• [What you should do]: Repeat each line of the material below exactly as it appears, minus any pictures.
Start of Materials provided
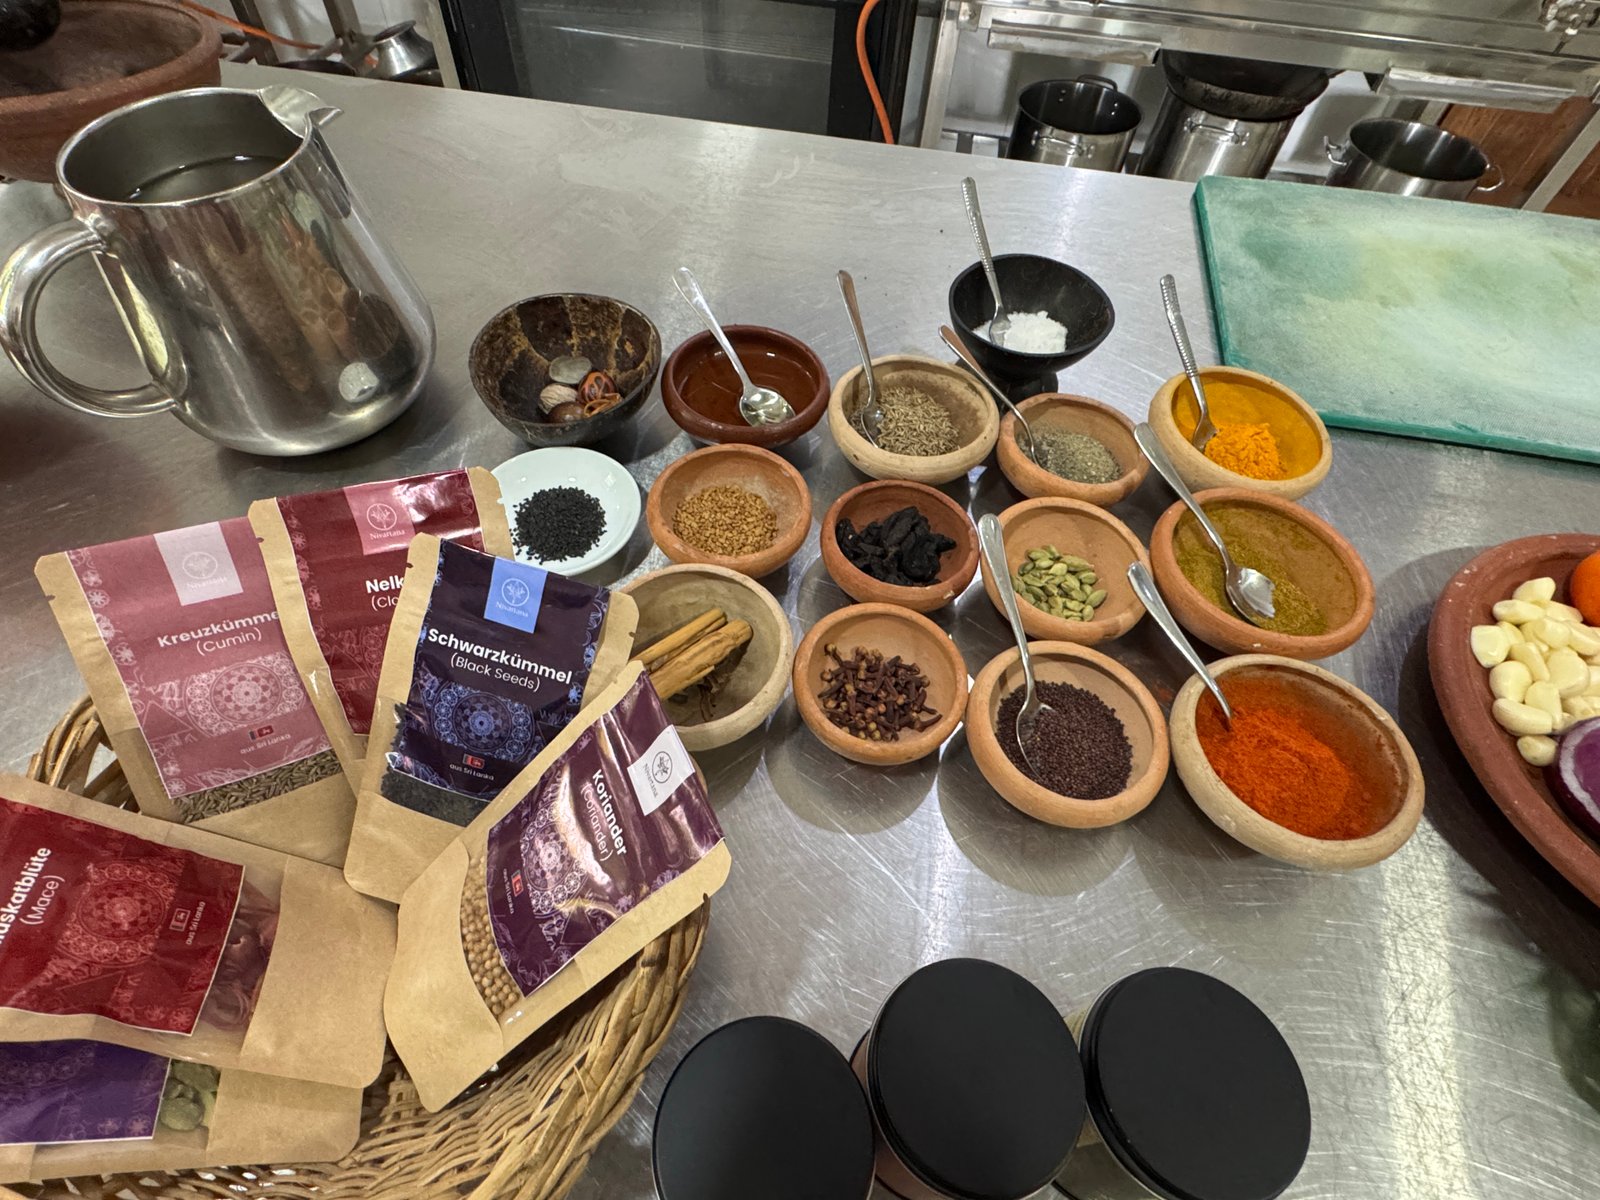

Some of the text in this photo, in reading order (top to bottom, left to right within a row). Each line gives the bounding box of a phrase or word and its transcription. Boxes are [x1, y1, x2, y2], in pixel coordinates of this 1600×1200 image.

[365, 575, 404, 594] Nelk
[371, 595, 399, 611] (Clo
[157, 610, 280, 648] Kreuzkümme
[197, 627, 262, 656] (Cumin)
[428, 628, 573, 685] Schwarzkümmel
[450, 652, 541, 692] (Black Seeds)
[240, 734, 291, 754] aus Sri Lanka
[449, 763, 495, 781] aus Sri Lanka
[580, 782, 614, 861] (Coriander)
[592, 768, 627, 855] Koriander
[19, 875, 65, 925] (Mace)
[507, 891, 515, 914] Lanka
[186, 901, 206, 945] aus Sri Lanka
End of Materials provided
• [Answer section]:
Some of the text in this photo, in reading order (top to bottom, left to right within a row). Each line gives the bounding box of a phrase or word and its transcription. Boxes are [x1, y1, x2, y2], in pixel coordinates of this 1600×1200 image.

[365, 575, 404, 594] Nelk
[371, 595, 399, 611] (Clo
[157, 610, 280, 648] Kreuzkümme
[197, 627, 262, 656] (Cumin)
[428, 628, 573, 685] Schwarzkümmel
[450, 652, 541, 692] (Black Seeds)
[240, 734, 291, 754] aus Sri Lanka
[449, 763, 495, 781] aus Sri Lanka
[580, 782, 614, 861] (Coriander)
[592, 768, 627, 855] Koriander
[19, 875, 65, 925] (Mace)
[507, 891, 515, 914] Lanka
[186, 901, 206, 945] aus Sri Lanka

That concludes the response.